■ PROBLEM:
Below are records to transcribe exactly, without their pictures.

Stored dataset items:
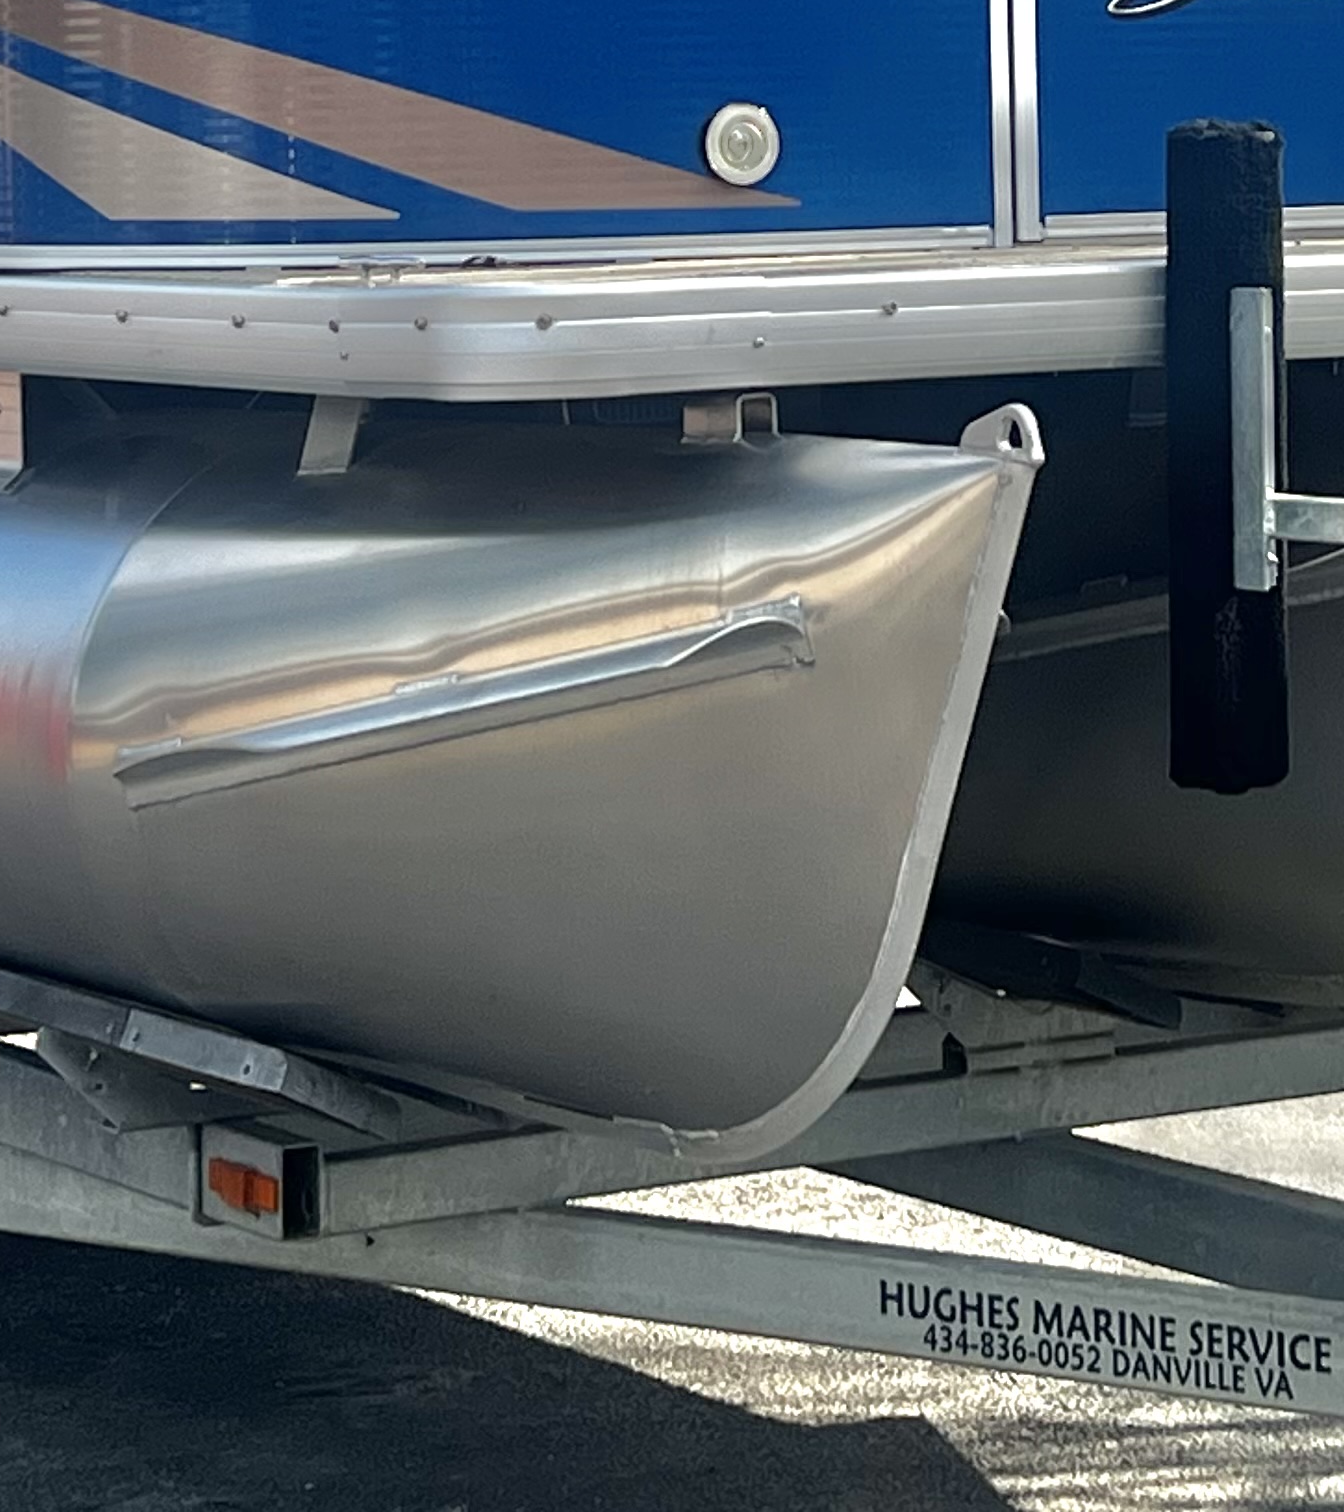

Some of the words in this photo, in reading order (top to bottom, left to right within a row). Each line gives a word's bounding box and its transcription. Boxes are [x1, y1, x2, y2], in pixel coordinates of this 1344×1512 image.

[880, 1279, 1020, 1332] HUGHES
[1032, 1299, 1176, 1353] MARINE
[1189, 1320, 1332, 1375] SERVICE
[923, 1323, 1101, 1374] 434-836-0052
[1112, 1348, 1246, 1394] DANVILLE
[1254, 1367, 1294, 1400] VA
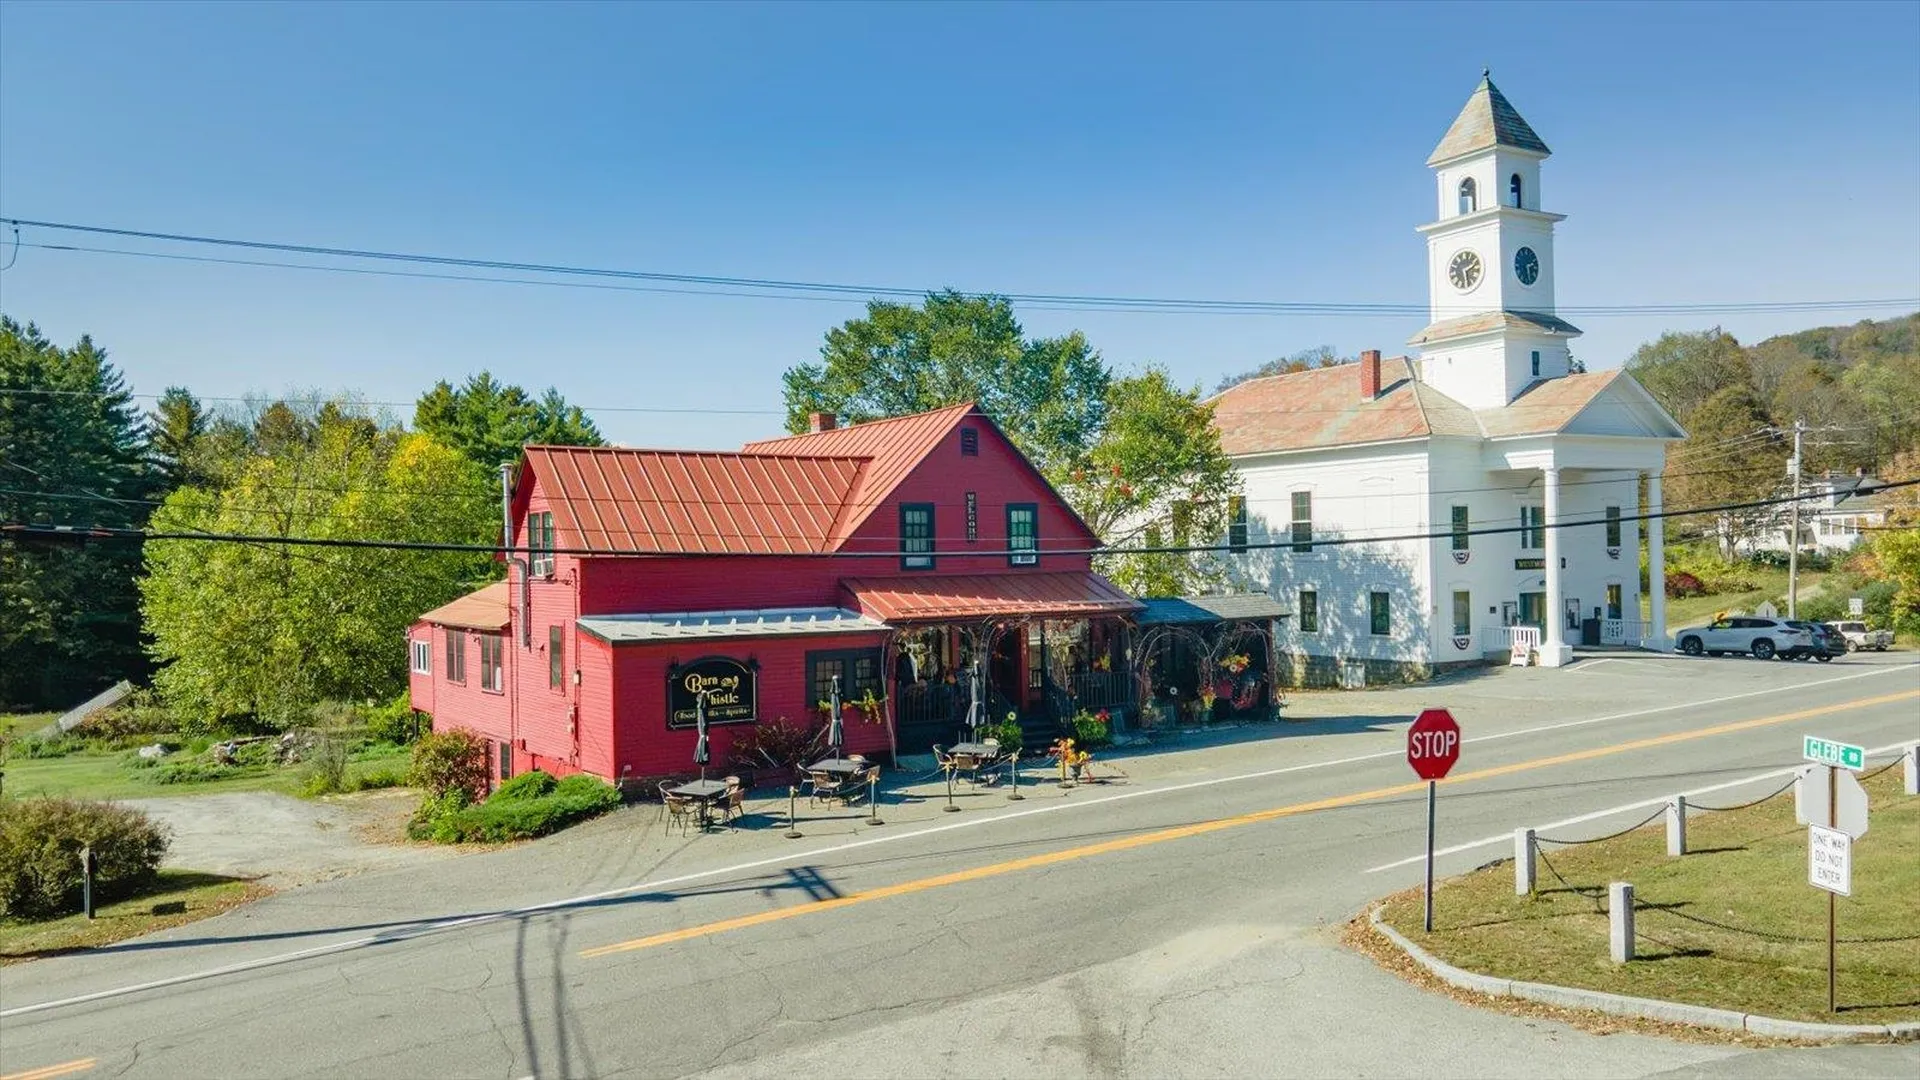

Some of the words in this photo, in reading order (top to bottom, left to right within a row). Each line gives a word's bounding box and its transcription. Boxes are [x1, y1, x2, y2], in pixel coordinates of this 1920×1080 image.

[685, 673, 718, 693] Barn
[1410, 730, 1457, 759] STOP
[1810, 740, 1846, 764] GLEBE
[1813, 832, 1828, 847] ONE
[1831, 838, 1846, 851] WAY
[1814, 850, 1826, 862] DO
[1828, 853, 1843, 868] NOT
[1818, 867, 1841, 883] ENTER

■ TASK RESULT:
Some of the words in this photo, in reading order (top to bottom, left to right within a row). Each line gives a word's bounding box and its transcription. Boxes are [x1, y1, x2, y2], in pixel coordinates of this 1344×1512 image.

[880, 1279, 1020, 1332] HUGHES
[1032, 1299, 1176, 1353] MARINE
[1189, 1320, 1332, 1375] SERVICE
[923, 1323, 1101, 1374] 434-836-0052
[1112, 1348, 1246, 1394] DANVILLE
[1254, 1367, 1294, 1400] VA

Some of the words in this photo, in reading order (top to bottom, left to right within a row). Each line gives a word's bounding box and its transcription. Boxes are [x1, y1, x2, y2], in pixel coordinates of this 1920×1080 image.

[685, 673, 718, 693] Barn
[1410, 730, 1457, 759] STOP
[1810, 740, 1846, 764] GLEBE
[1813, 832, 1828, 847] ONE
[1831, 838, 1846, 851] WAY
[1814, 850, 1826, 862] DO
[1828, 853, 1843, 868] NOT
[1818, 867, 1841, 883] ENTER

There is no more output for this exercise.